Observations of large-scale plasma convection in the magnetosphere with respect to the geomagnetic activity level

The data of the ionospheric observations (the daily f plots) at the Yakutsk meridional chain of ionosondes (Yakutsk–Zhigansk–Batagai–Tixie Bay) with sharp decreases (breaks) in the critical frequency of the regular ionospheric F2 layer (foF2) are considered. The data for 1968–1983 were analyzed, and the statistics of the foF2 break observations, which indicate that these breaks are mainly registered in equinoctial months and in afternoon and evening hours under moderately disturbed geomagnetic conditions, are presented. Calculations performed using the prognostic model of the high-latitude ionosphere indicate that the critical frequency break position coincides with the equatorial boundary of large-scale plasma convection in the dusk MLT sector.
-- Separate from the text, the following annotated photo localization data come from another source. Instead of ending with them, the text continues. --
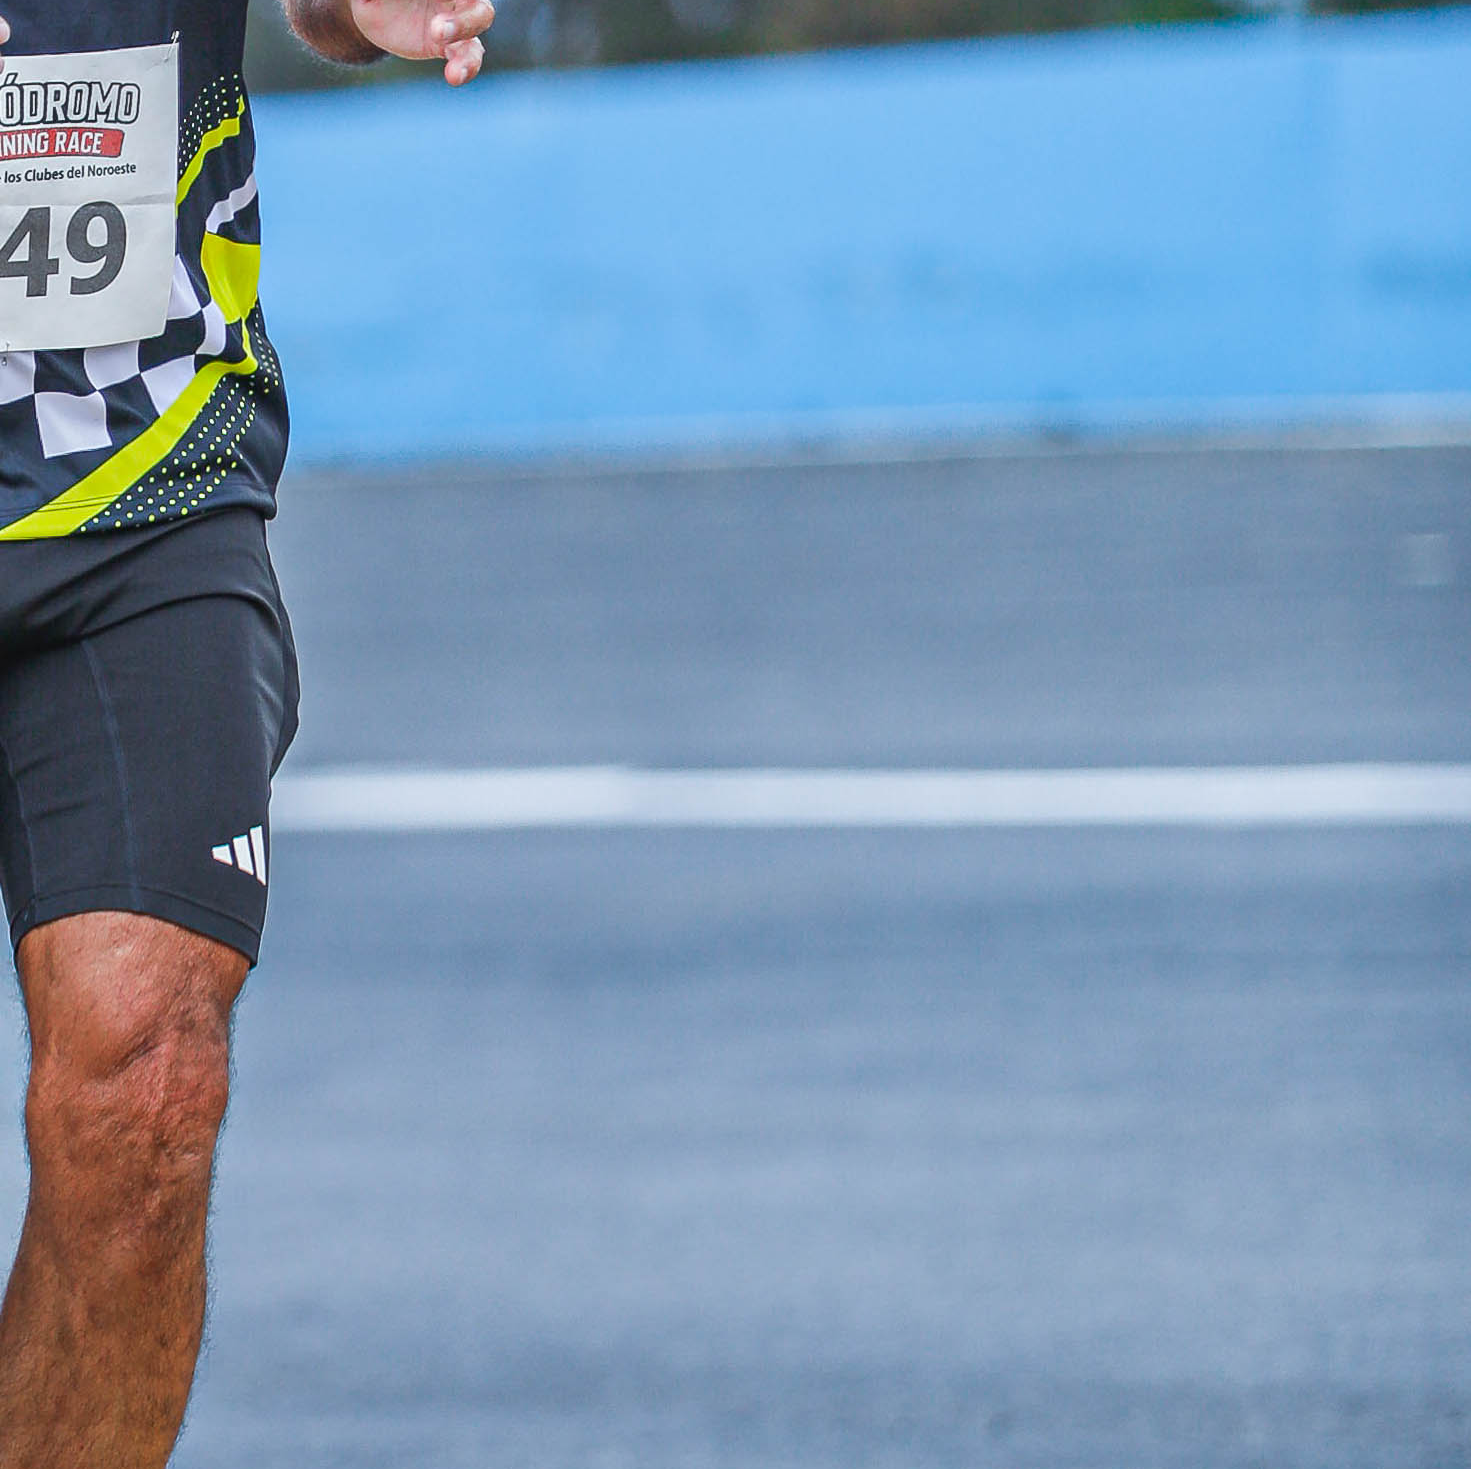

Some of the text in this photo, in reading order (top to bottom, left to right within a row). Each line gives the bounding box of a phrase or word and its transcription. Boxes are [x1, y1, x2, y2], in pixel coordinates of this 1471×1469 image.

[54, 131, 104, 154] RACE
[4, 170, 22, 183] los
[25, 168, 64, 181] Clubes
[66, 165, 85, 179] del
[87, 163, 137, 177] Noroeste
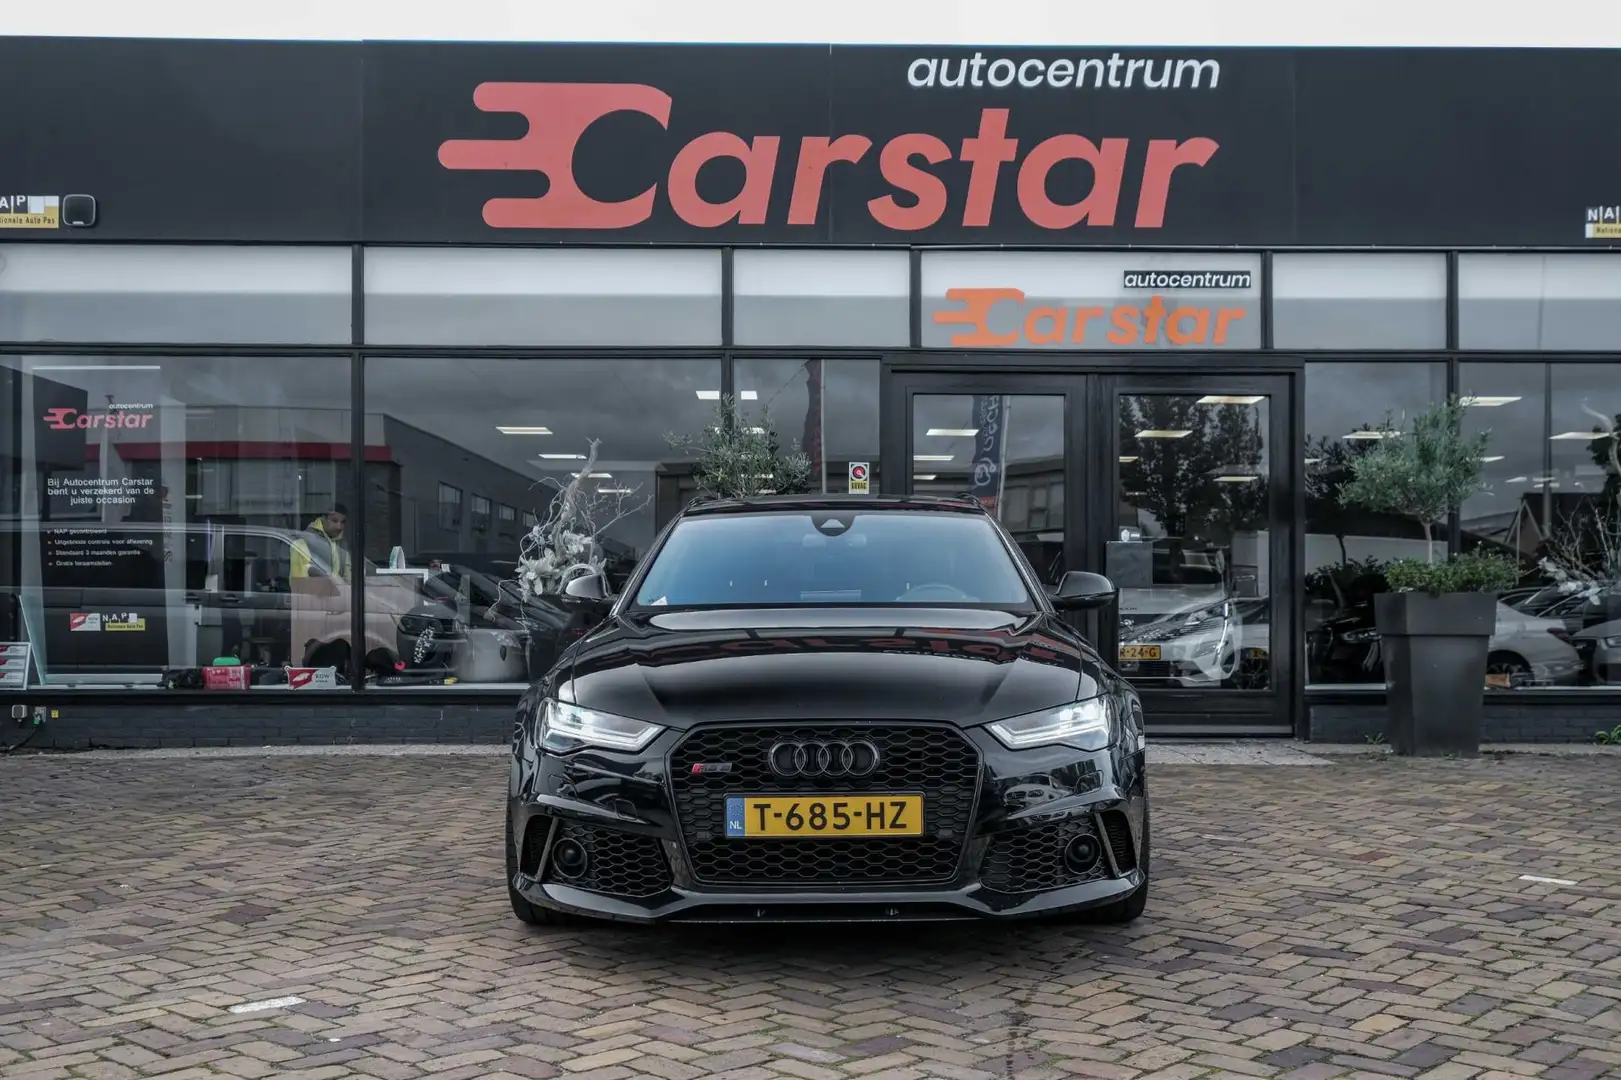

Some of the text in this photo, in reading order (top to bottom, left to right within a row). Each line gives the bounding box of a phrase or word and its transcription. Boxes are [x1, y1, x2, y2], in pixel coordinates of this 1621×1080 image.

[907, 52, 1221, 90] autocentrum
[438, 81, 1219, 231] Carstar
[26, 216, 41, 224] Auto
[43, 216, 55, 224] Pas
[1124, 271, 1251, 288] autocentrum
[932, 287, 1247, 347] Carstar
[108, 402, 154, 410] autocentrum
[43, 407, 153, 430] Carstar
[47, 477, 154, 488] Bij Autocentrum Carstar
[47, 487, 68, 495] bent
[80, 486, 122, 495] verzekerd
[143, 486, 154, 495] de
[70, 496, 136, 506] juiste occasion
[753, 801, 908, 831] T-685-HZ
[729, 820, 743, 830] NL
Longitudinal dependence of the H + concentration distribution in the plasmasphere according to INTERBALL-1 satellite data

The paper has presented a study of the dependence of the H+ ions concentration in the plasmasphere on geographic longitude. A vast database of measurements of the cold plasma density by the Alpha-3 instrument on board the INTERBALL-1 satellite has been used for the study. Based on these measurements, a dependence of the H+ ions concentration in the filled magnetic flux tube in the plasmasphere in the equatorial plane under quiet geomagnetic conditions has been obtained as a function of geographic longitude. Studies have been performed for two seasons, summer and winter. It has been shown that, during the summer in the near-midnight sector, the minimum in the H+ concentration falls within geographic longitudes of 270°–315°. The ratio of the concentration of H+ ions at various longitudes could reach a factor of three. During the winter, in the near-noon sector, the maximum of the H+ ions concentration falls within longitudes of 180°–225°, whereas the concentration ratio could reach a factor of 2.2.
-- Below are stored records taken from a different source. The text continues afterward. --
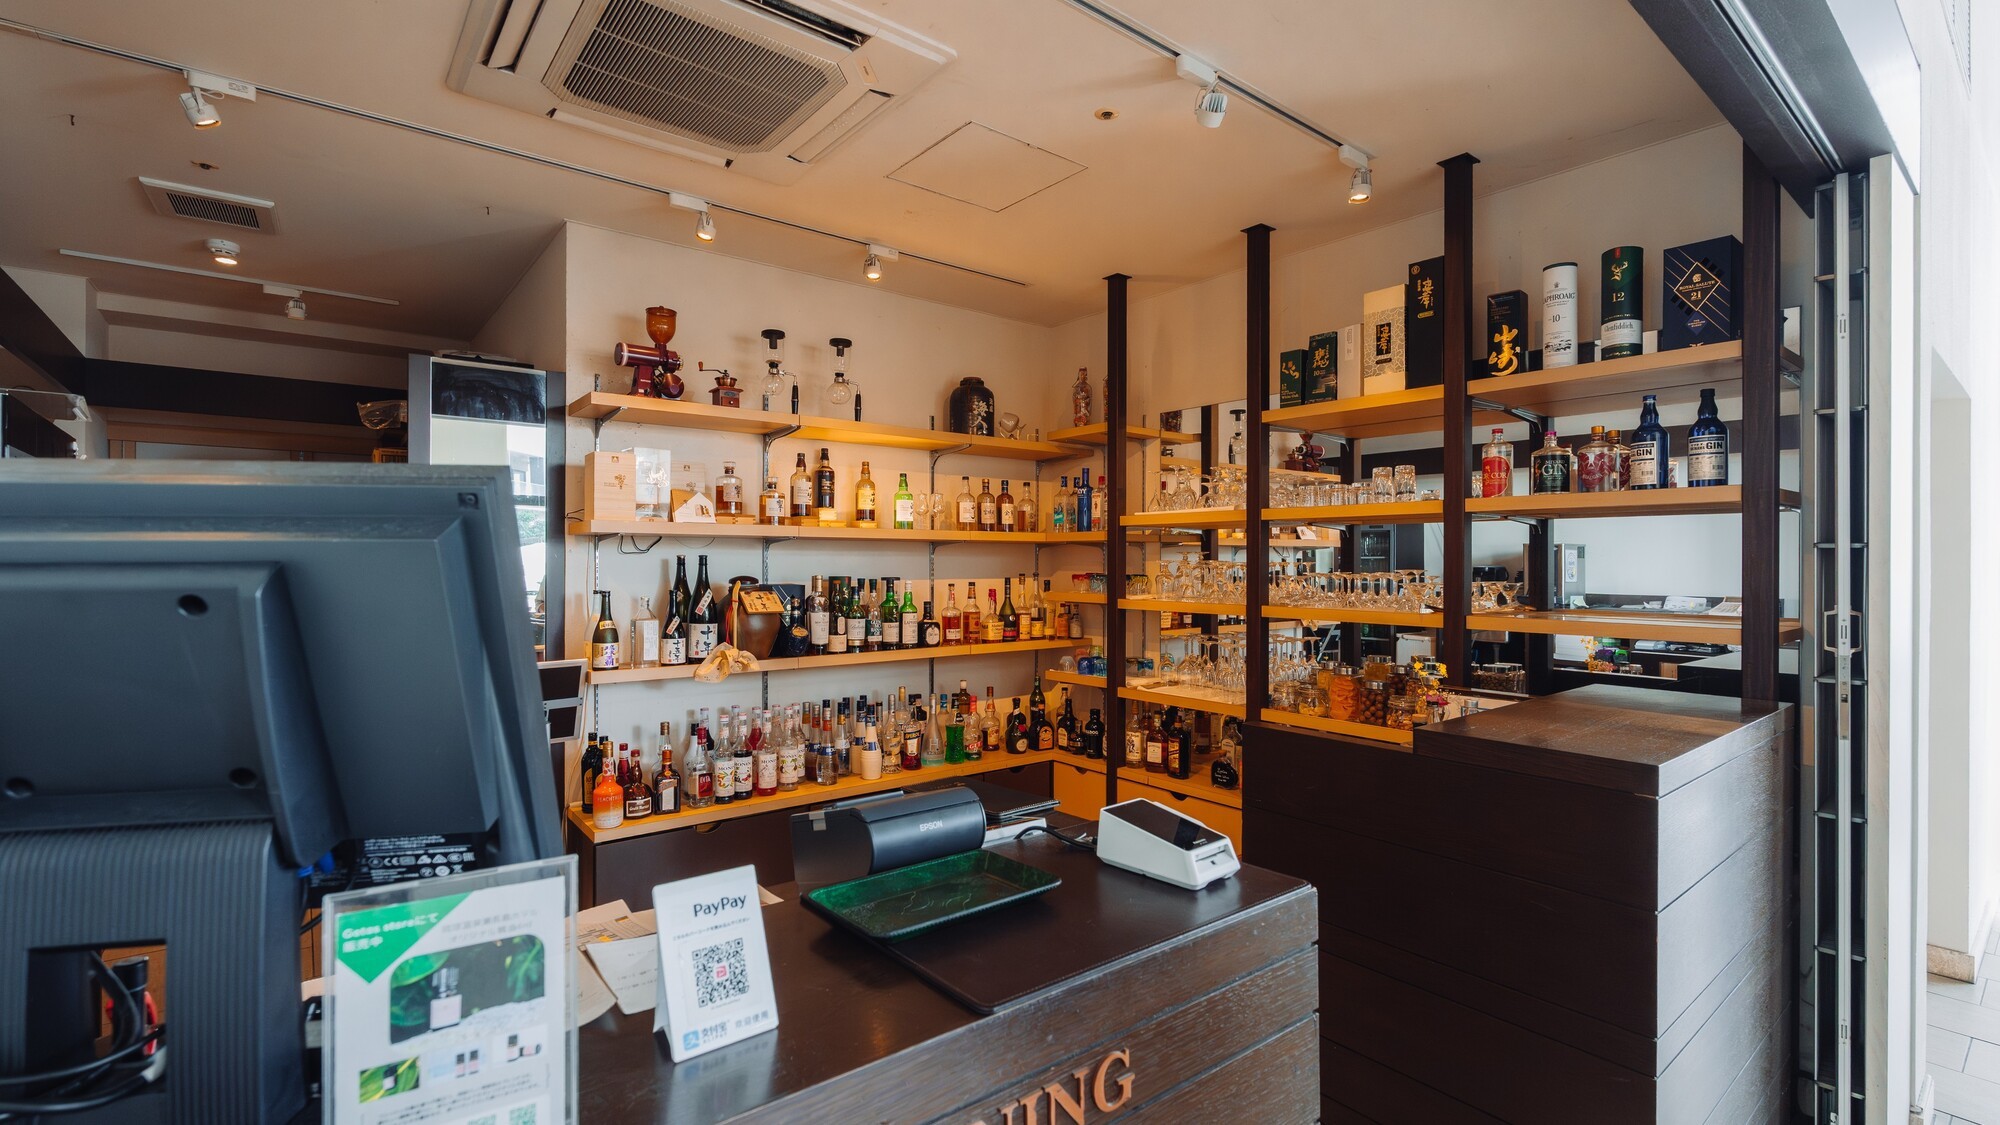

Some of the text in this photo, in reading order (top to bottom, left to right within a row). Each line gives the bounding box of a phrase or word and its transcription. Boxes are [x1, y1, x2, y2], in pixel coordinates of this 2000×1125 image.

[1611, 291, 1625, 303] 12
[1691, 291, 1702, 300] 21
[1552, 314, 1561, 323] 10
[1705, 441, 1723, 450] GIN
[1636, 448, 1652, 457] GIN
[1542, 464, 1567, 476] GIN
[919, 819, 944, 832] EPSON
[693, 895, 746, 917] PayPay
[701, 1021, 727, 1038] 支付宝
Vertical plasma drift velocities in the polarization jet observation by ground Doppler measurements and driftmeters on DMSP satellites

Vertical and horizontal plasma drifts are investigated during the polarization jet (PJ) detection in the F2 ionospheric layer based on the Doppler measurements at the Yakutsk meridian chain of subauroral ionospheric stations. It is shown that the velocities of vertical and horizontal drifts are significantly higher than the background motion during PJ observation periods. The ionospheric plasma motion direction changes from upward to downward on the polar edge of the main ionospheric trough. Doppler measurements on the DPS-4 ionosondes are compared with the simultaneous measurements of the plasma drift on the DMSP satellites during their passage near the Yakutsk meridian. The two kinds of measurements are in good agreement with each other. During the magnetic storm of June 23, 2005, by measurements of the DMSP satellites, the velocities of upward plasma flows were 1.0–1.4 km/s at a satellite altitude of 850 km. In the ionospheric F region, this speed corresponds to 150 m/s. According to satellite measurements, the westward drift velocity reached 2.5 km/s. The development of the polarization jet in the ionosphere was accompanied by a tenfold decrease in the electron density in 15–30 min.